DATA TO EXAMINE Block Start

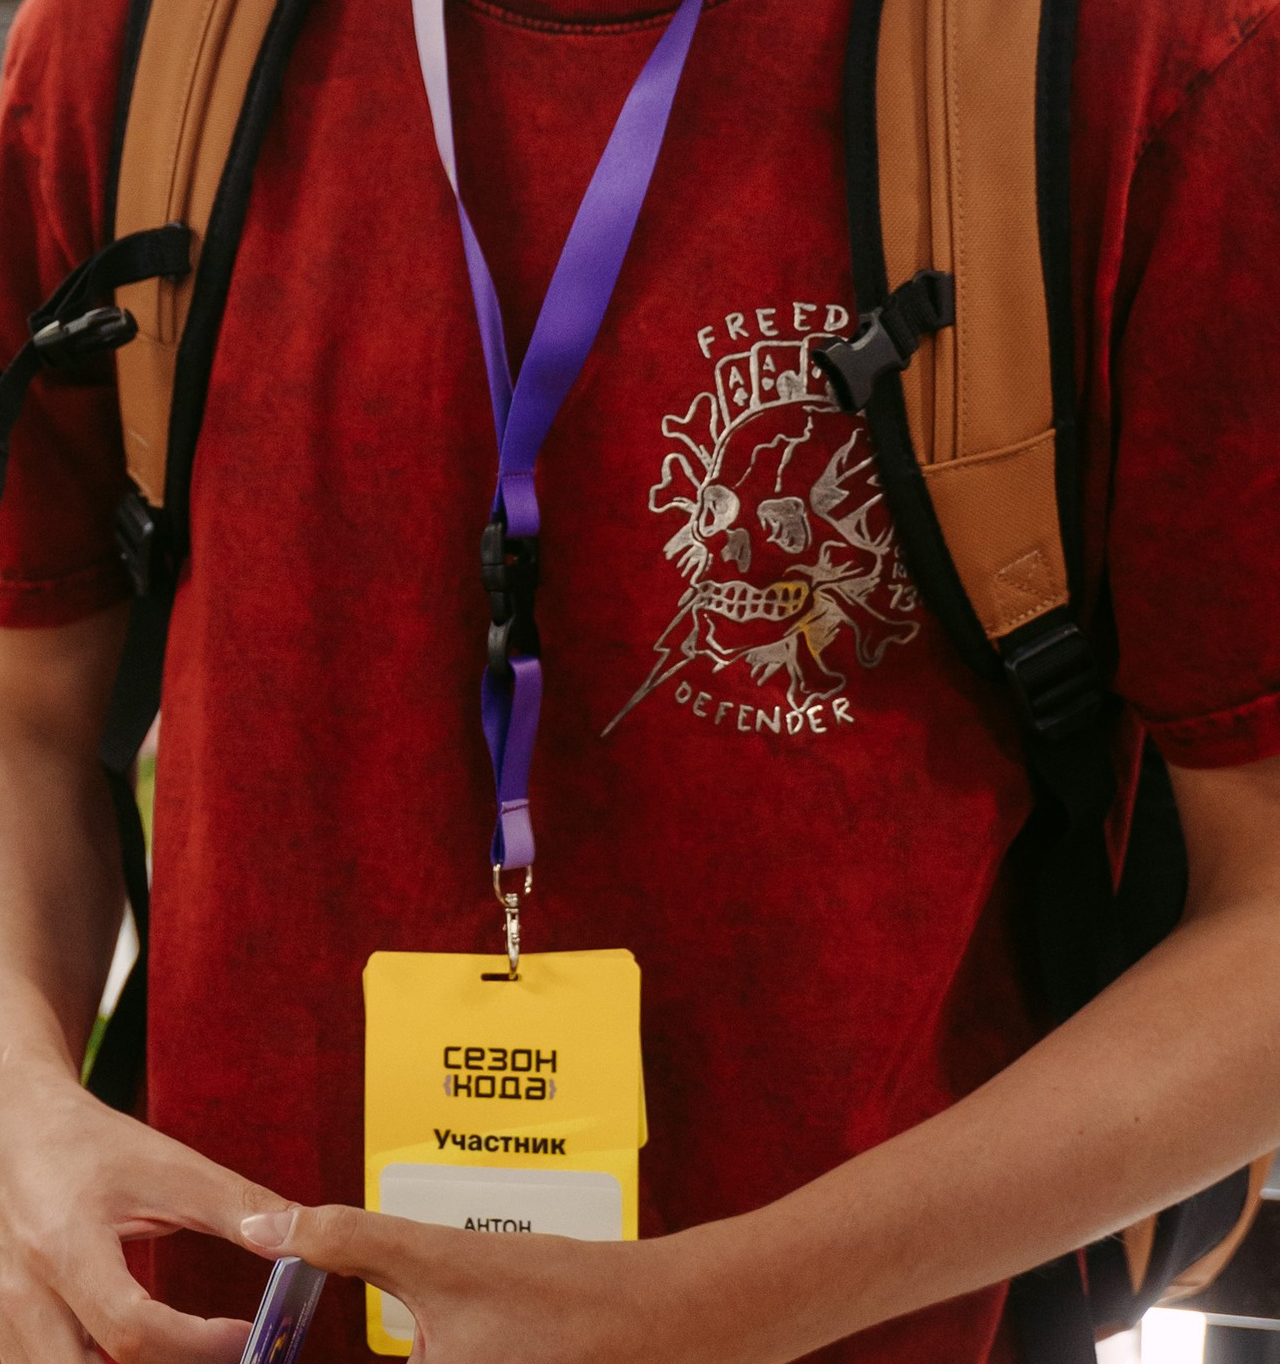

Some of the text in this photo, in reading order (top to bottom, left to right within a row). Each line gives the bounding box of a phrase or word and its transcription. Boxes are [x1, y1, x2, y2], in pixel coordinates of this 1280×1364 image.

[697, 301, 850, 359] FREED
[674, 681, 855, 735] DEFENDER
[433, 1128, 566, 1155] Участник
[464, 1217, 531, 1234] АНТОН
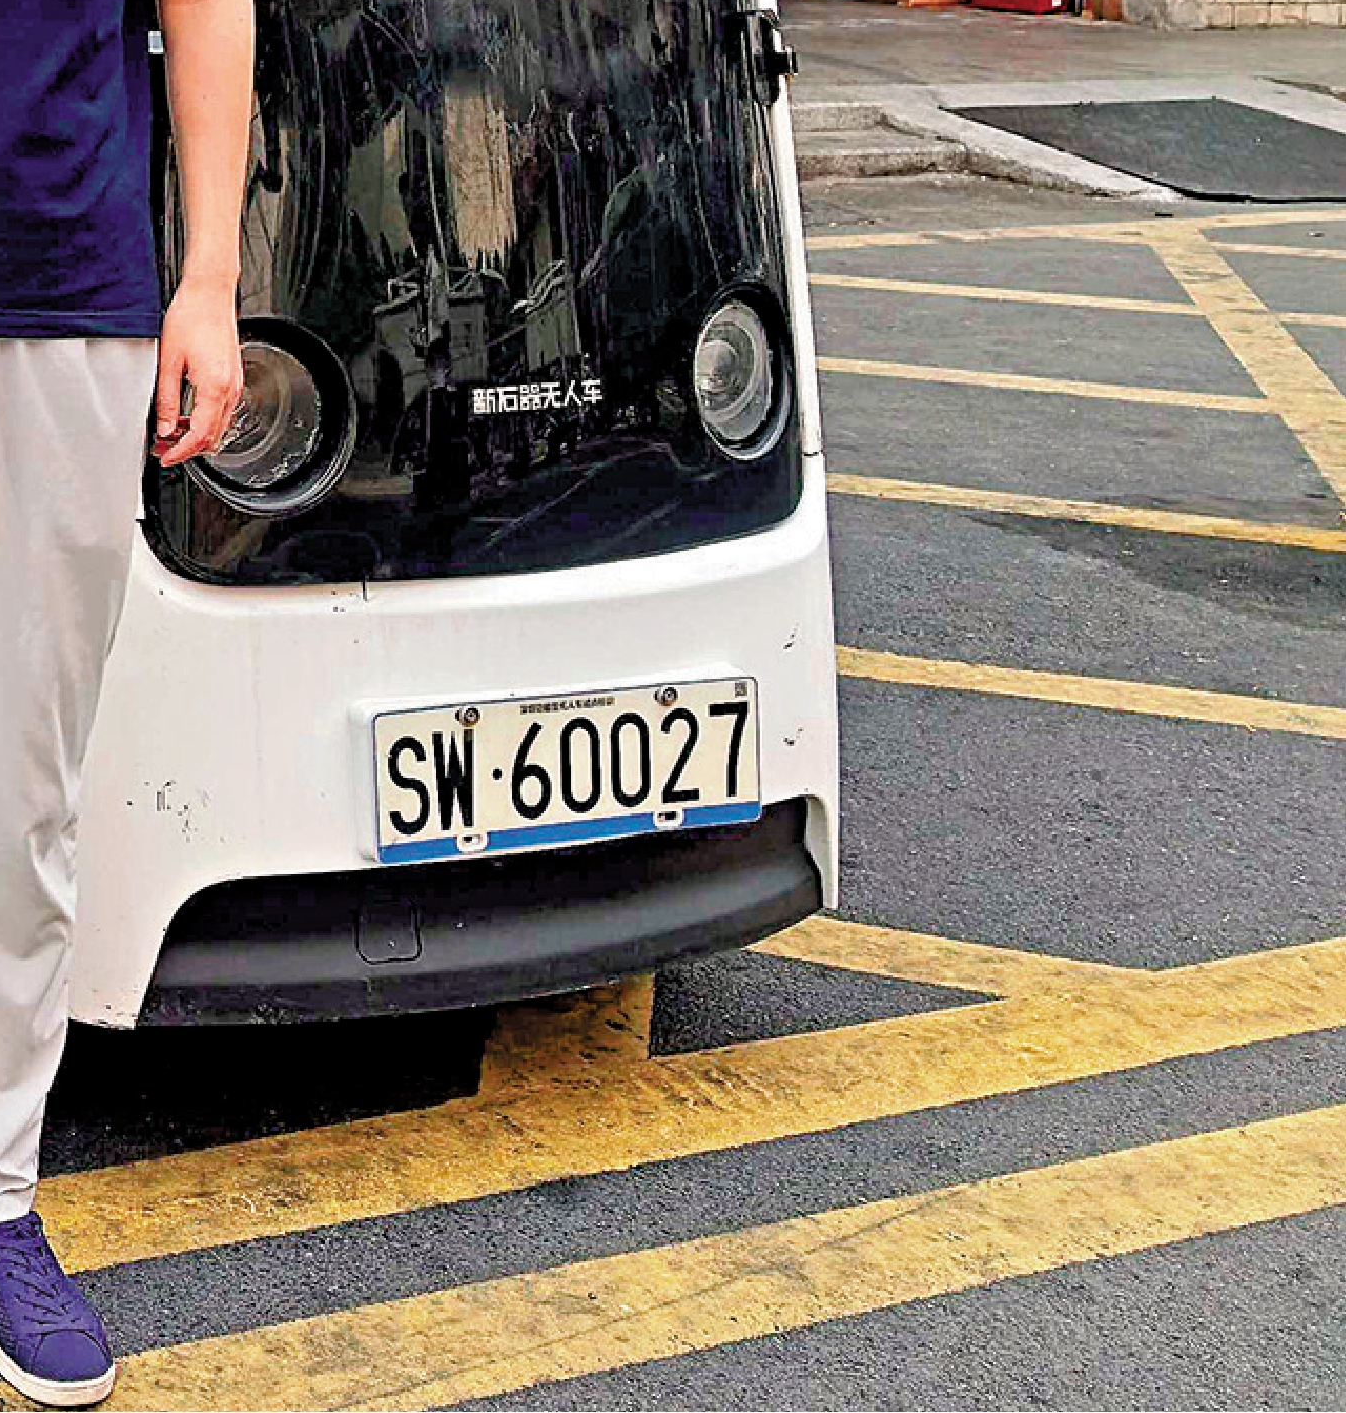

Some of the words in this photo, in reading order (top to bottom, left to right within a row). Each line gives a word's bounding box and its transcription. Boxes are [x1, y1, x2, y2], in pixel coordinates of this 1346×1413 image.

[472, 379, 603, 414] 新石器无人车
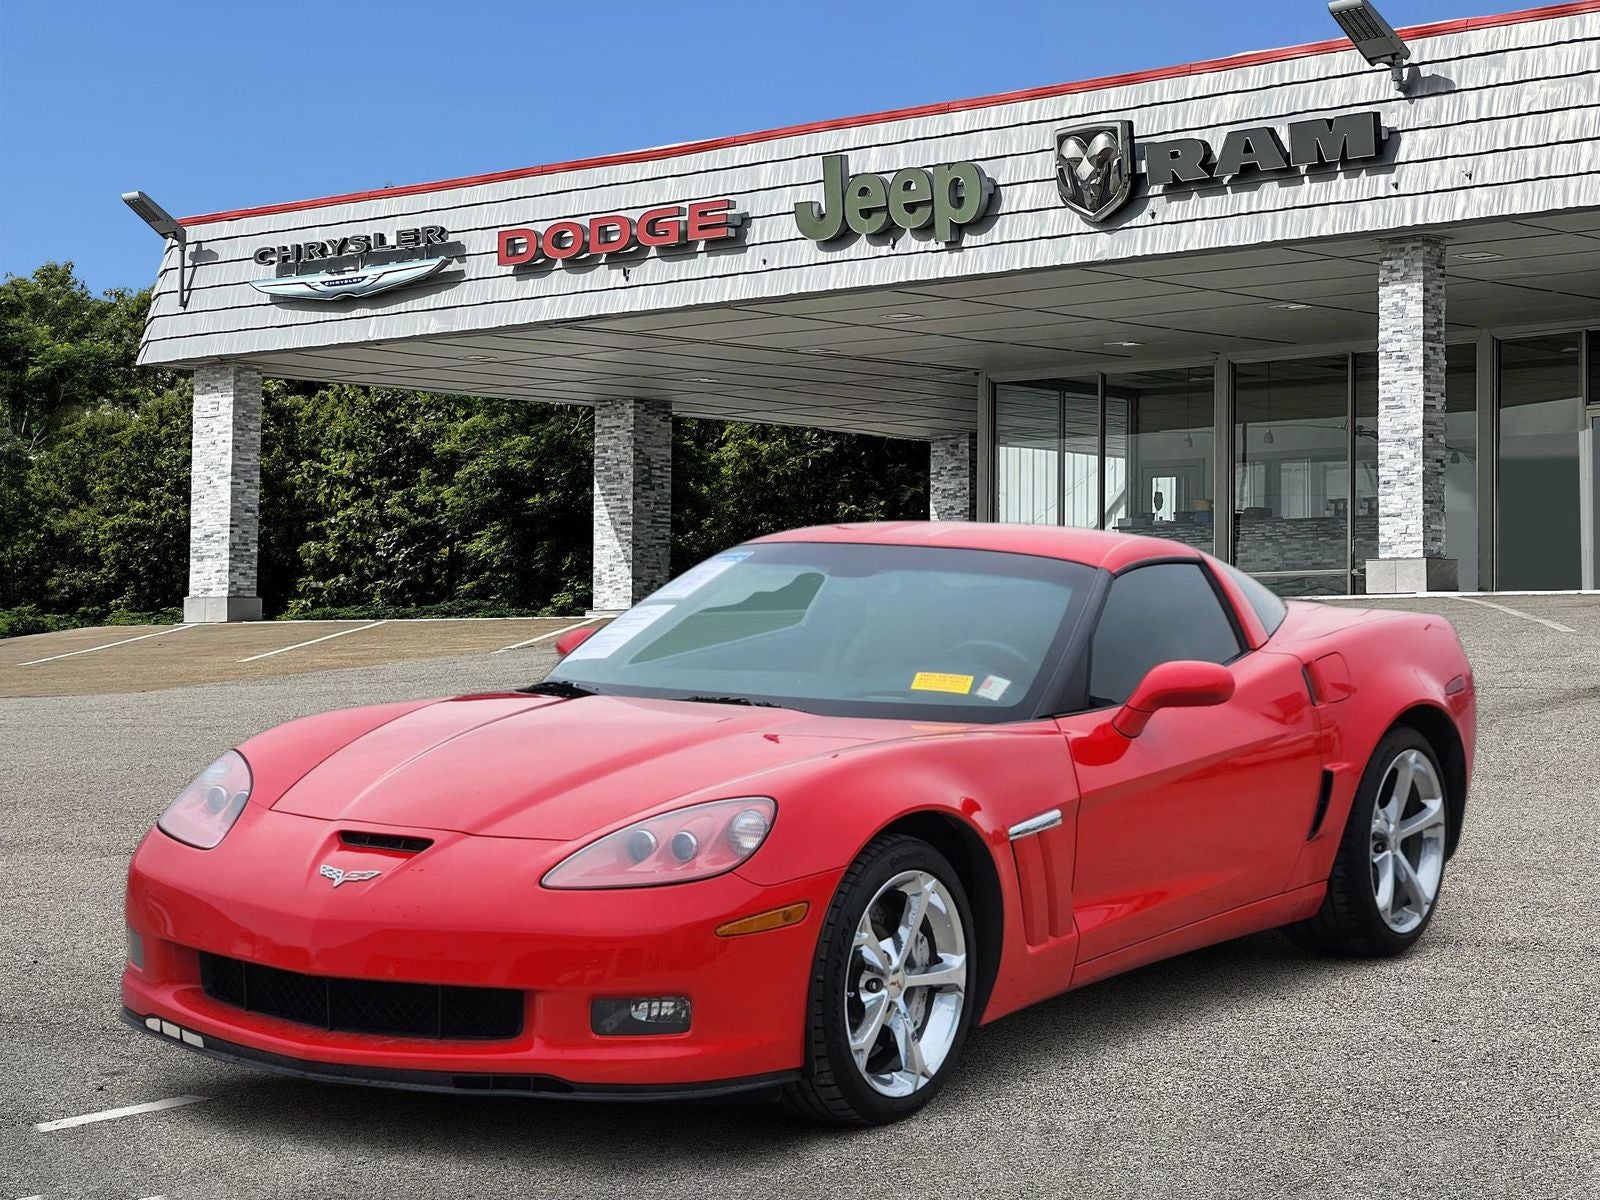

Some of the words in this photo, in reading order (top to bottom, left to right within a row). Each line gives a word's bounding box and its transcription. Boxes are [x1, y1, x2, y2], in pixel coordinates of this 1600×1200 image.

DATA TO EXAMINE Block End

AIM OF THE TASK ->
Transcribe every line in the entries above, taking out only the images.

THE ANSWER ->
Some of the text in this photo, in reading order (top to bottom, left to right within a row). Each line gives the bounding box of a phrase or word and its transcription. Boxes are [x1, y1, x2, y2], in pixel coordinates of this 1280×1364 image.

[697, 301, 850, 359] FREED
[674, 681, 855, 735] DEFENDER
[433, 1128, 566, 1155] Участник
[464, 1217, 531, 1234] АНТОН

Some of the words in this photo, in reading order (top to bottom, left to right within a row). Each line gives a word's bounding box and its transcription. Boxes are [x1, y1, x2, y2], in pixel coordinates of this 1346×1413 image.

[472, 379, 603, 414] 新石器无人车

Some of the words in this photo, in reading order (top to bottom, left to right within a row). Each line gives a word's bounding box and its transcription. Boxes are [x1, y1, x2, y2], in pixel coordinates of this 1600×1200 image.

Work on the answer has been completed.